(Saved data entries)
+ + + +
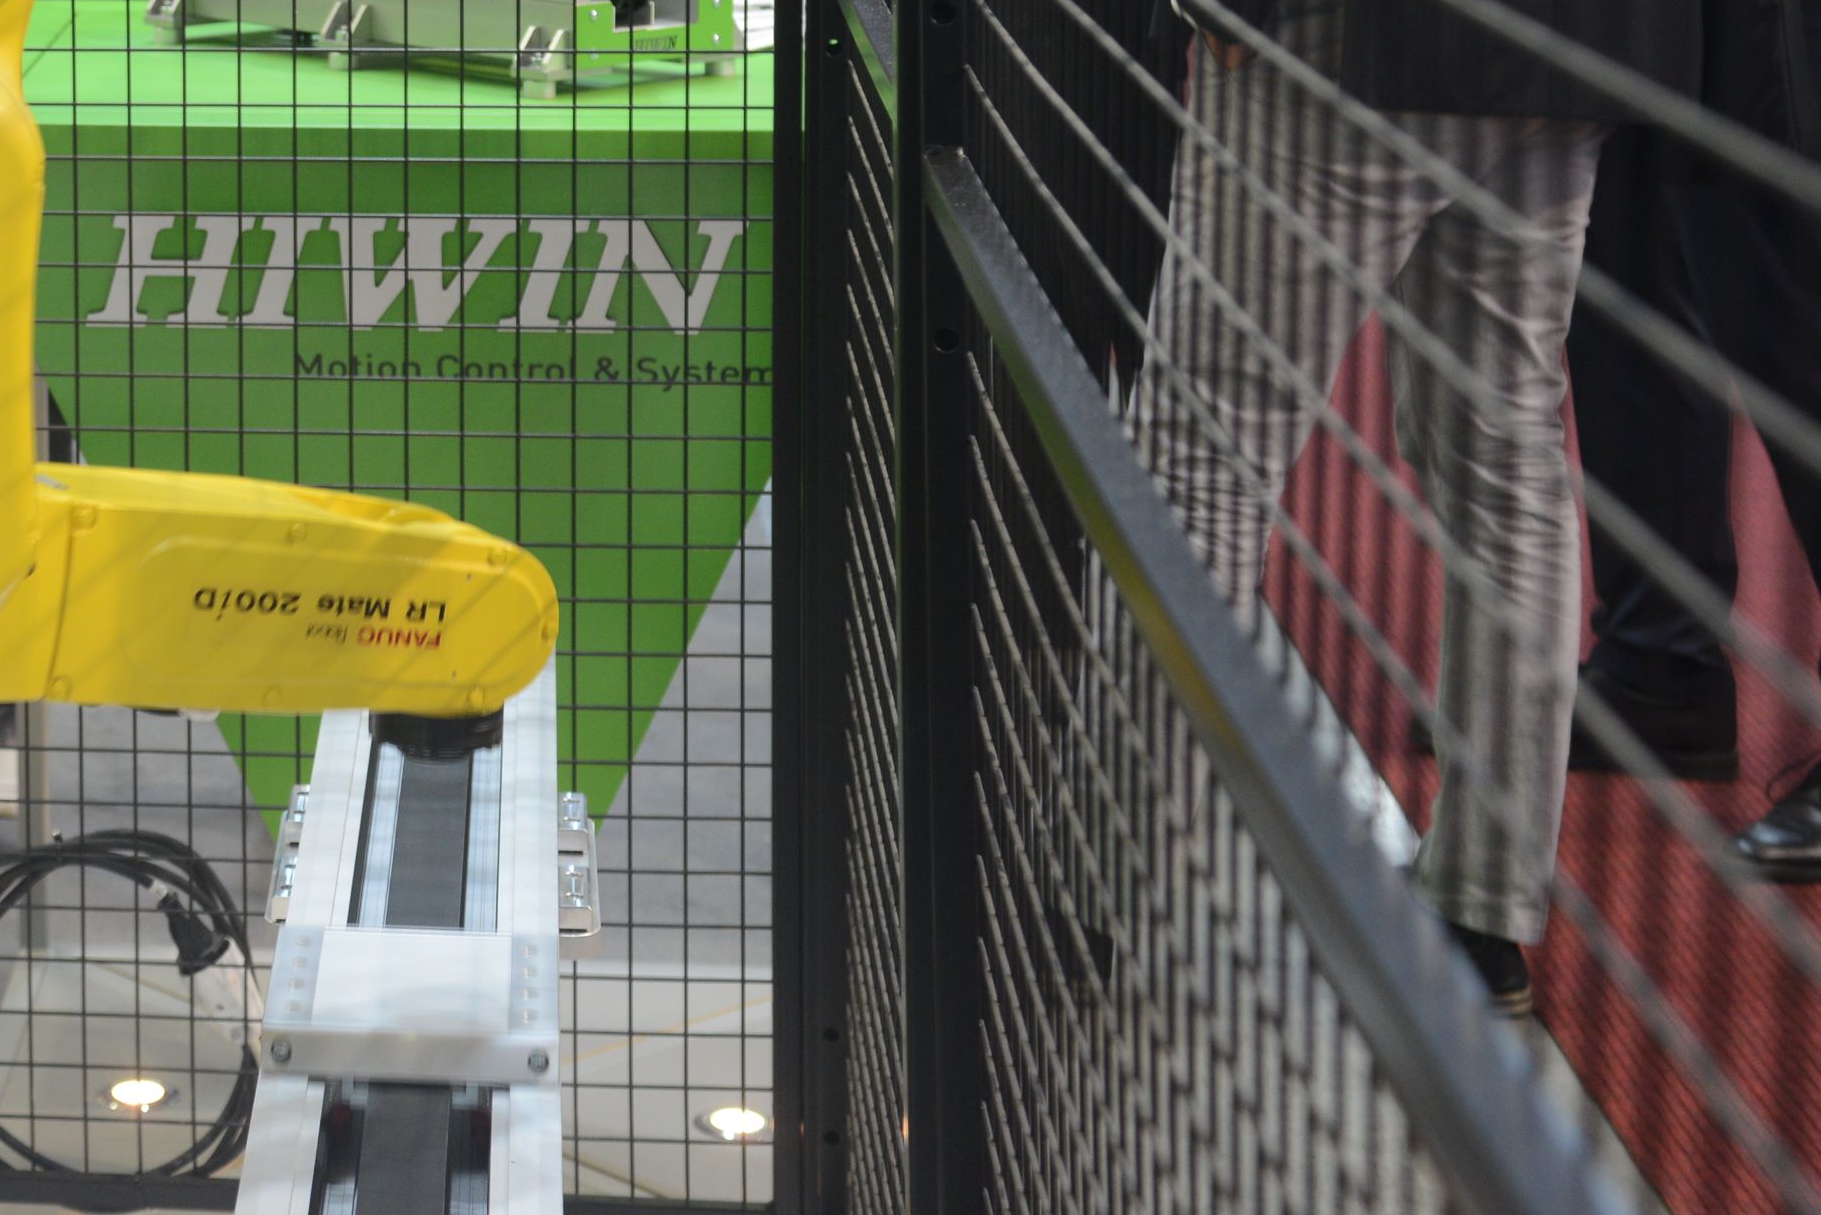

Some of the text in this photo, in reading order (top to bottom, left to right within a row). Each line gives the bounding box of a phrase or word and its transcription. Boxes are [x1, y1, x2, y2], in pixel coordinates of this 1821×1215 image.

[86, 215, 748, 334] HIWIN
[295, 353, 421, 379] Motion
[437, 355, 577, 381] Control
[594, 357, 620, 383] &
[317, 593, 391, 620] Mate
[405, 601, 446, 623] LR
[357, 625, 441, 649] FANUC
+ + + +
Requirement: Each entry above should be written out verbatim, minus its pictures.

Task result:
Some of the text in this photo, in reading order (top to bottom, left to right within a row). Each line gives the bounding box of a phrase or word and its transcription. Boxes are [x1, y1, x2, y2], in pixel coordinates of this 1821×1215 image.

[86, 215, 748, 334] HIWIN
[295, 353, 421, 379] Motion
[437, 355, 577, 381] Control
[594, 357, 620, 383] &
[317, 593, 391, 620] Mate
[405, 601, 446, 623] LR
[357, 625, 441, 649] FANUC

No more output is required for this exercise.